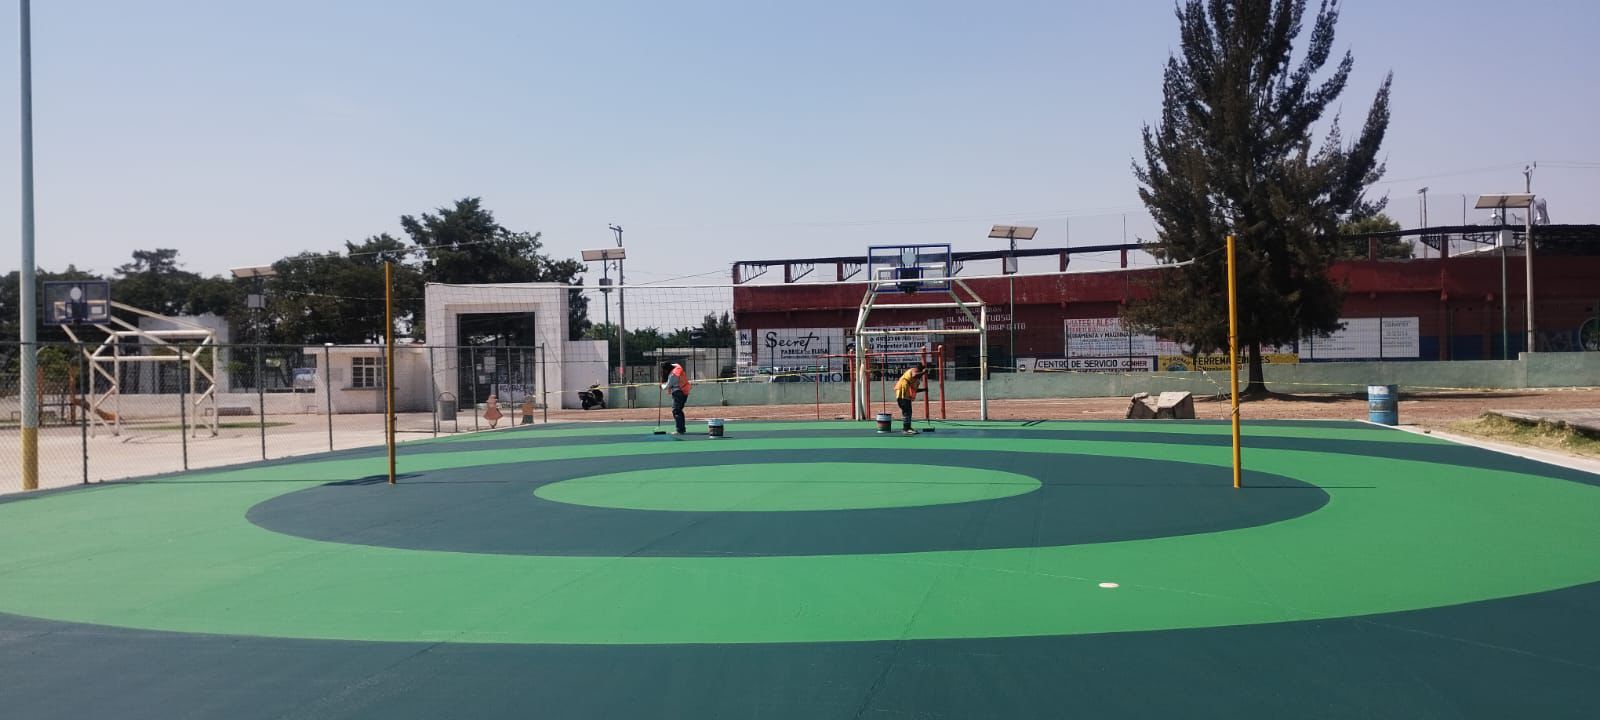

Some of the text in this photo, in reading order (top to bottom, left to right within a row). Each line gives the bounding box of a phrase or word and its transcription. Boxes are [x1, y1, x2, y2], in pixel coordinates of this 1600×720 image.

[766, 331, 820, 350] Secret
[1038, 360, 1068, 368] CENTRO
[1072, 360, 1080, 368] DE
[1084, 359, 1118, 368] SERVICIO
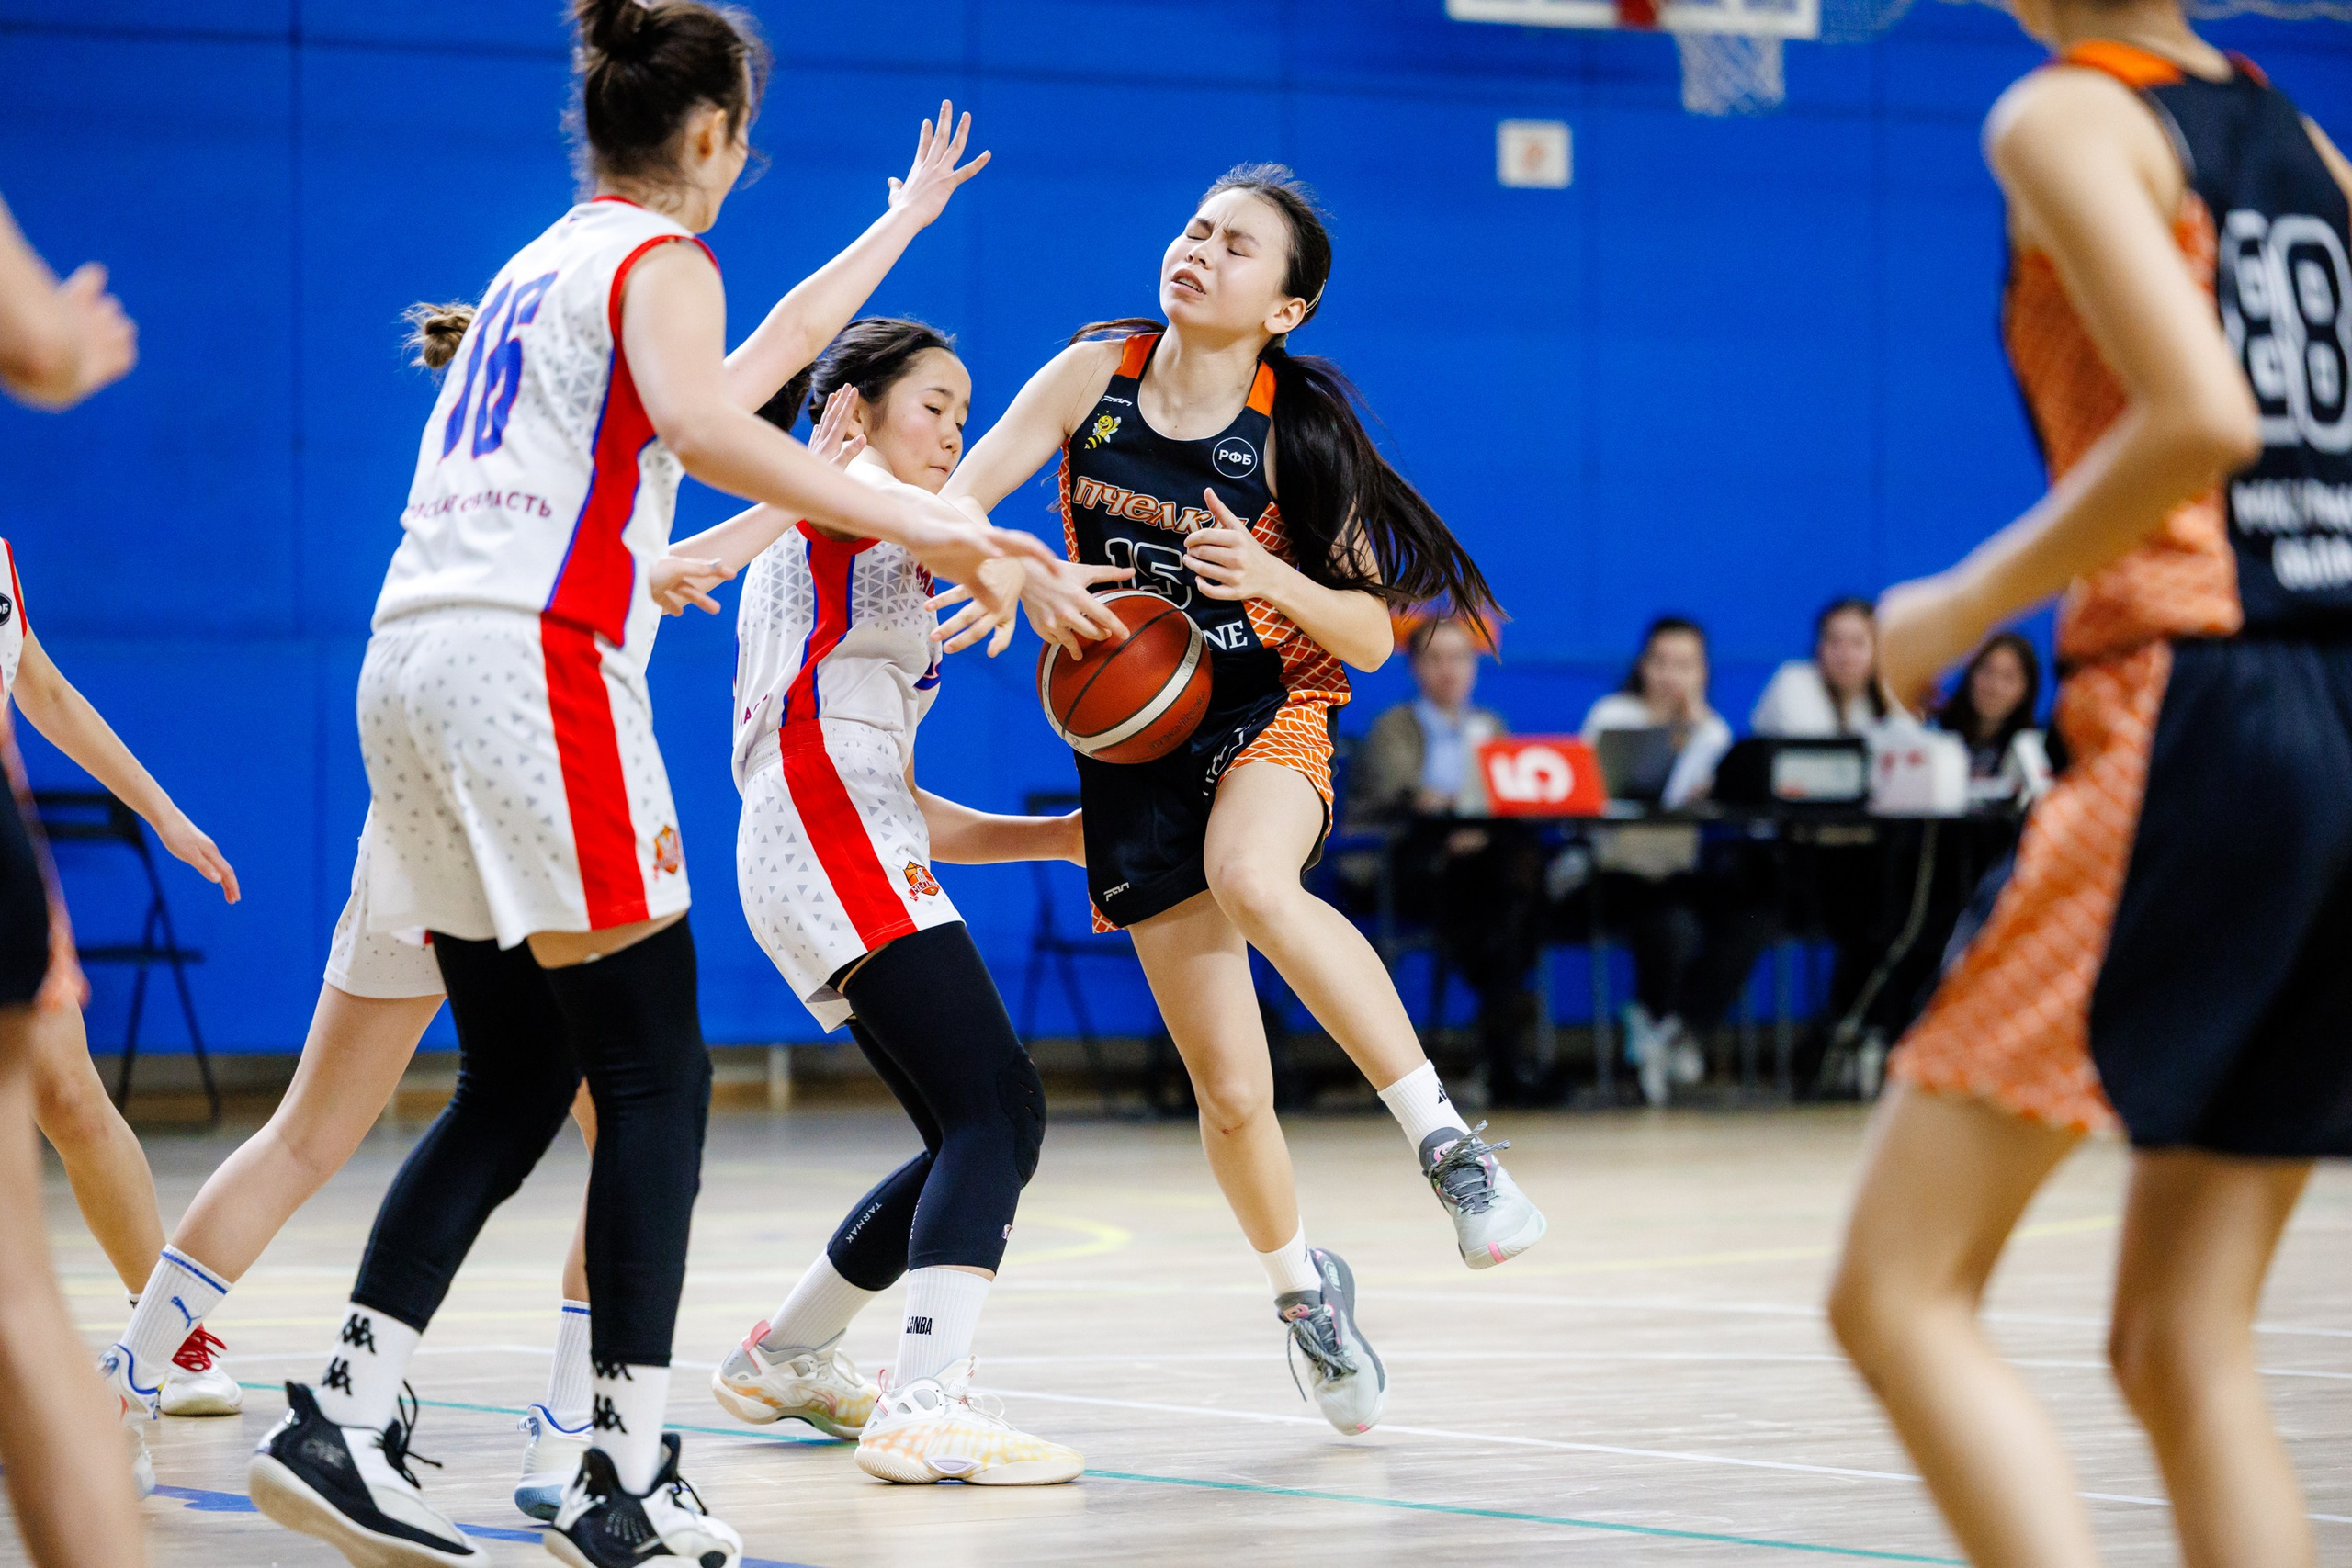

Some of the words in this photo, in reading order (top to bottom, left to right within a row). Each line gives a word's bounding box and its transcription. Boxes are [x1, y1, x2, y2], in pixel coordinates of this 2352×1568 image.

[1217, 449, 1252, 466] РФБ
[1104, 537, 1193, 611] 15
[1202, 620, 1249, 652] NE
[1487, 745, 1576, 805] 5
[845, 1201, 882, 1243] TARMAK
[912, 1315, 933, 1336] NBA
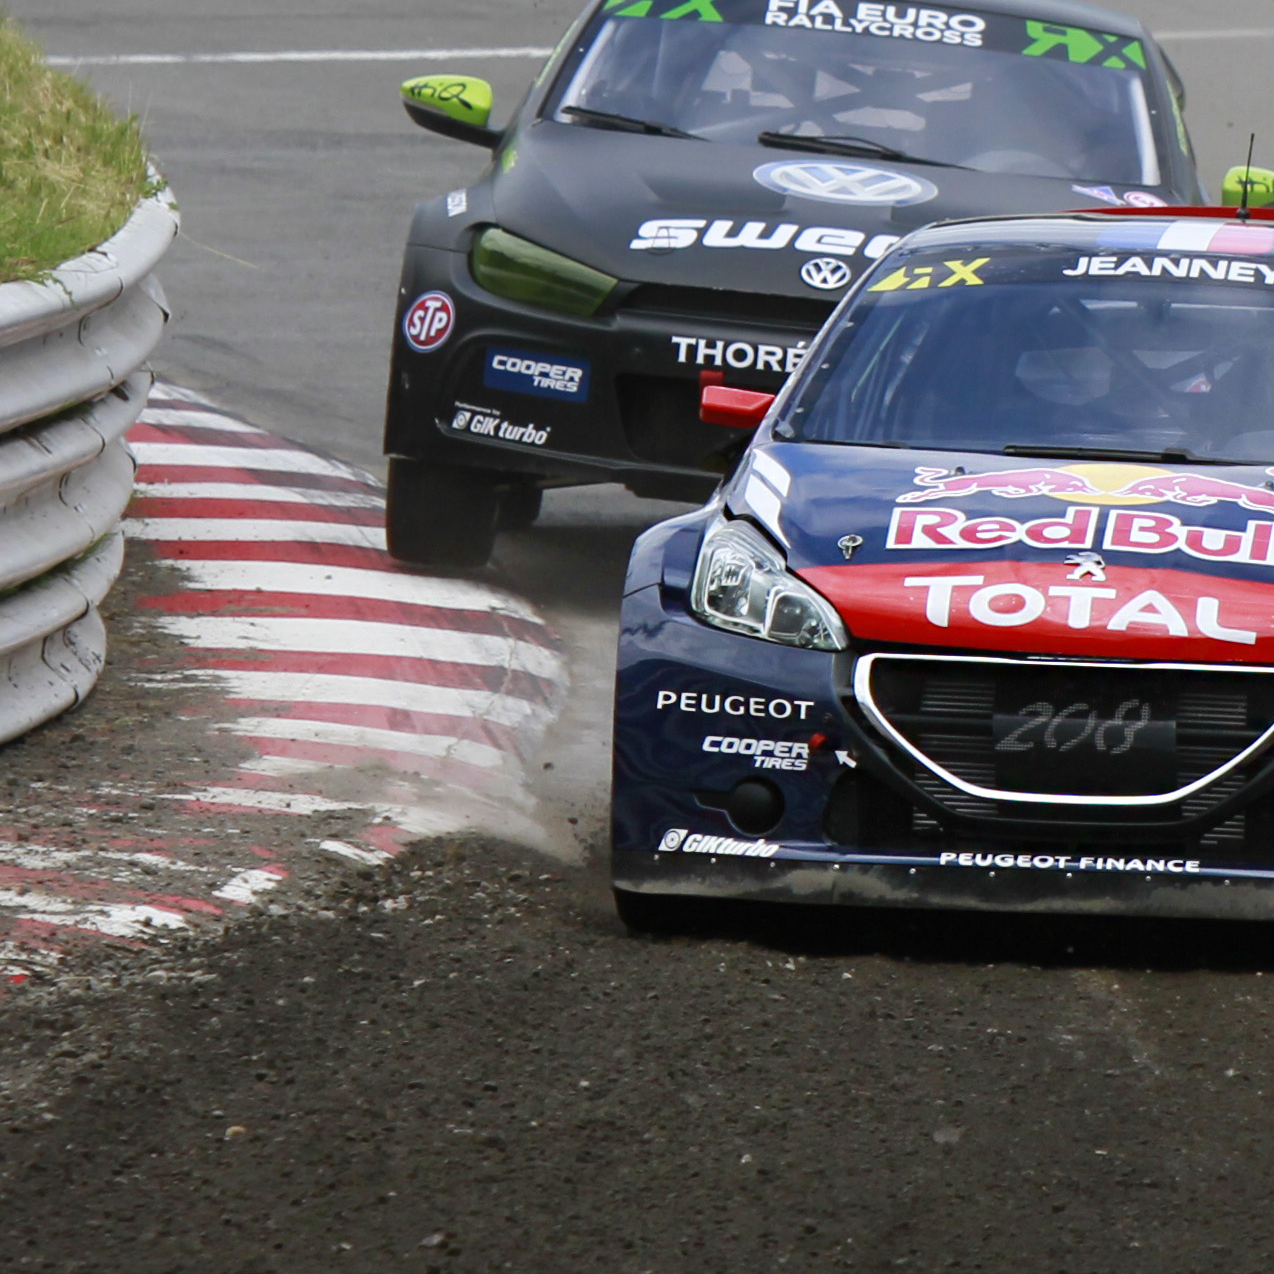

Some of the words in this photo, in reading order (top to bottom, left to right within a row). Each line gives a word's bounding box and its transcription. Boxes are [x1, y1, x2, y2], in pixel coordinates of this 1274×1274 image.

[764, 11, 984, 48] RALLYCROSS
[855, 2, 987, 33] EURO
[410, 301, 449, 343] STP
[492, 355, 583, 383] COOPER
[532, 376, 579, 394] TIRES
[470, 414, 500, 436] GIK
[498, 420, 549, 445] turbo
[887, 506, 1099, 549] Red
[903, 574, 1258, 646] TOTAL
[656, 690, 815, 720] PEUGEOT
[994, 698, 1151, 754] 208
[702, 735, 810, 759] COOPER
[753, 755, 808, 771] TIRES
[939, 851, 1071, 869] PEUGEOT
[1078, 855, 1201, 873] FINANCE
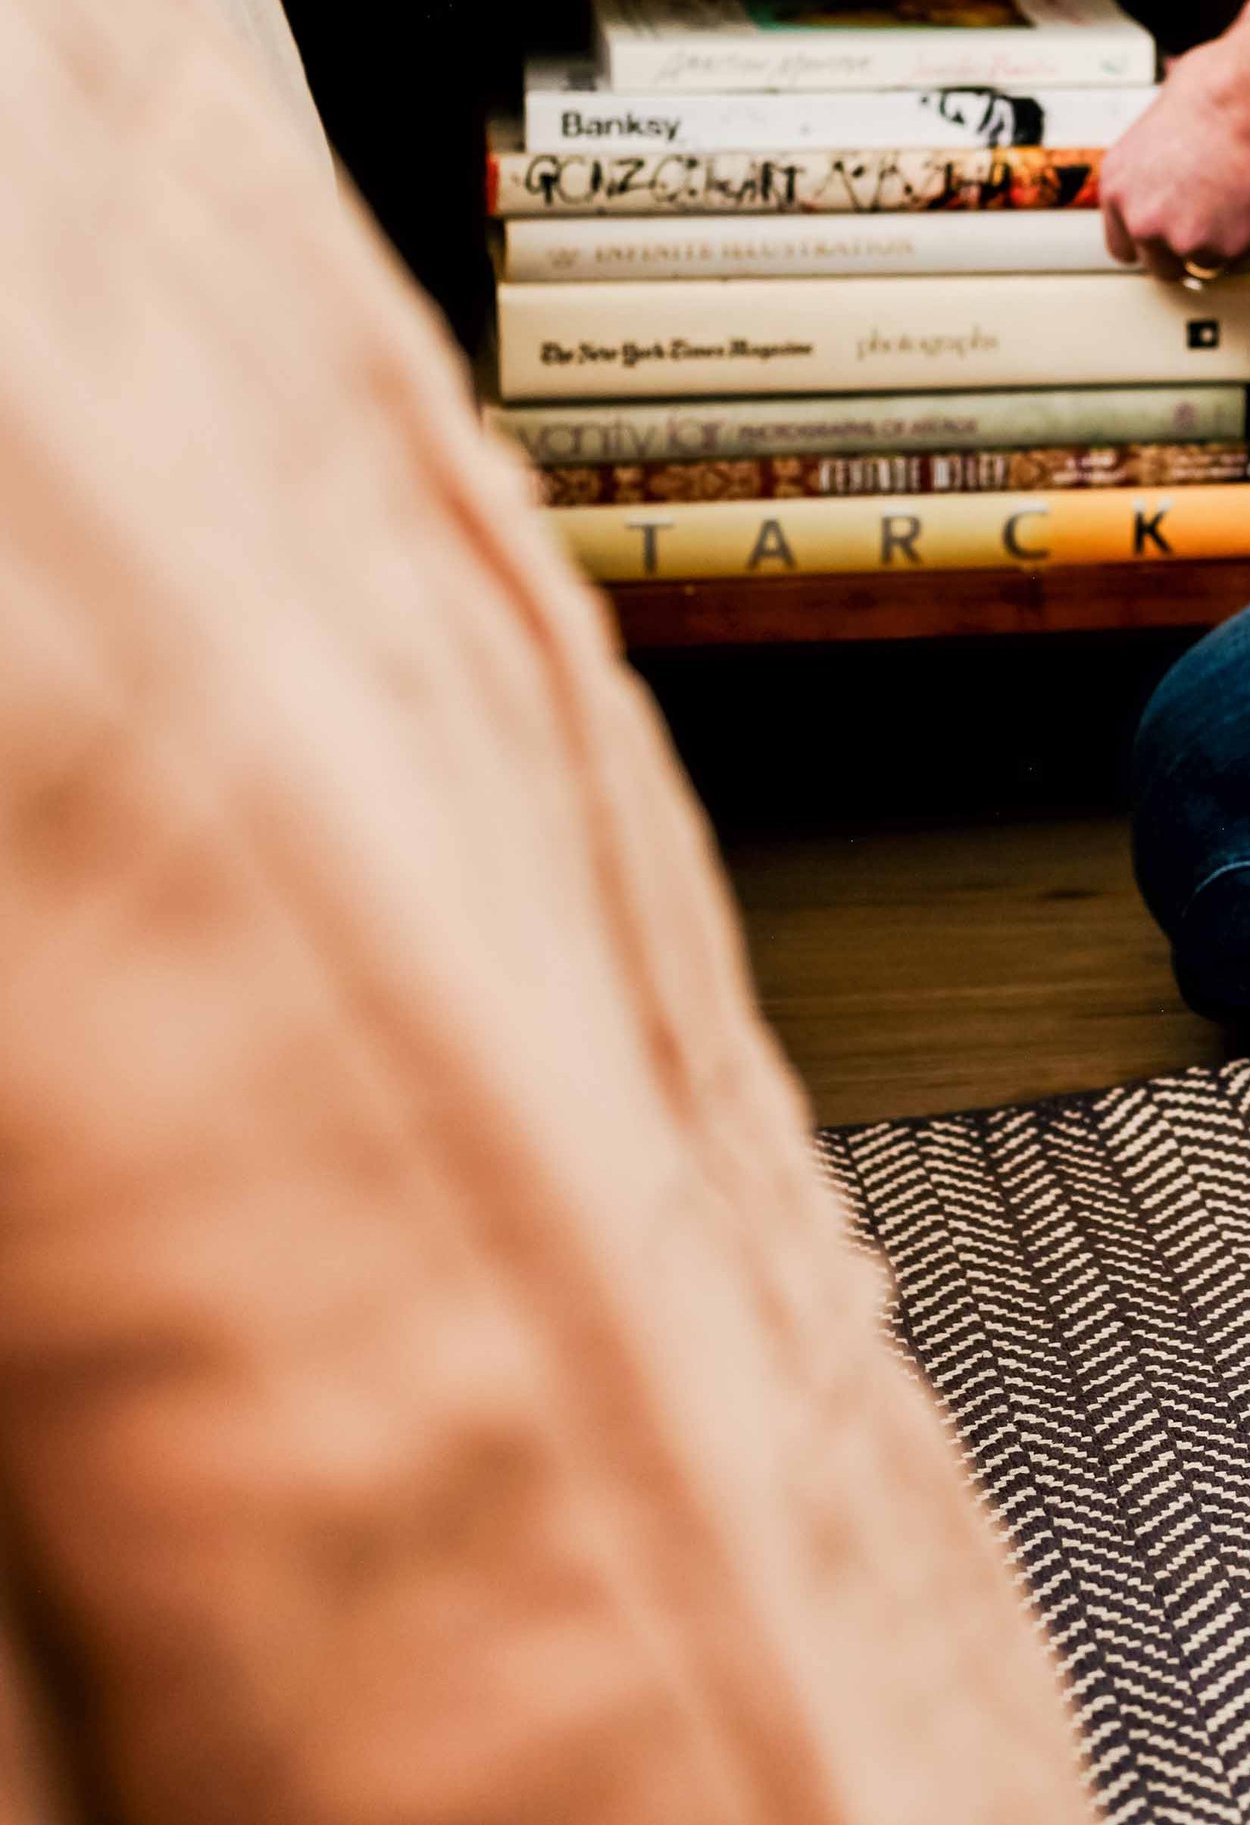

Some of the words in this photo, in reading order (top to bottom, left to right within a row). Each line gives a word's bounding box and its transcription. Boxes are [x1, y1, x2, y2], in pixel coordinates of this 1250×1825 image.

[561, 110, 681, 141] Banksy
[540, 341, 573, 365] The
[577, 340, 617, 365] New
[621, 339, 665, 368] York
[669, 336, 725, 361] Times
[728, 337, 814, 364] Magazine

# # # # #

## [WHAT THE EXERCISE ASKS]
Write out word for word every line from the line with "this 1274×1274 image." through the final line of the records, both included, skipping the pictures.

## [COMPLETED EXERCISE]
Some of the words in this photo, in reading order (top to bottom, left to right within a row). Each line gives a word's bounding box and its transcription. Boxes are [x1, y1, x2, y2], in pixel coordinates of this 1274×1274 image.

[764, 11, 984, 48] RALLYCROSS
[855, 2, 987, 33] EURO
[410, 301, 449, 343] STP
[492, 355, 583, 383] COOPER
[532, 376, 579, 394] TIRES
[470, 414, 500, 436] GIK
[498, 420, 549, 445] turbo
[887, 506, 1099, 549] Red
[903, 574, 1258, 646] TOTAL
[656, 690, 815, 720] PEUGEOT
[994, 698, 1151, 754] 208
[702, 735, 810, 759] COOPER
[753, 755, 808, 771] TIRES
[939, 851, 1071, 869] PEUGEOT
[1078, 855, 1201, 873] FINANCE

Some of the words in this photo, in reading order (top to bottom, left to right within a row). Each line gives a word's bounding box and its transcription. Boxes are [x1, y1, x2, y2], in pixel coordinates of this 1250×1825 image.

[561, 110, 681, 141] Banksy
[540, 341, 573, 365] The
[577, 340, 617, 365] New
[621, 339, 665, 368] York
[669, 336, 725, 361] Times
[728, 337, 814, 364] Magazine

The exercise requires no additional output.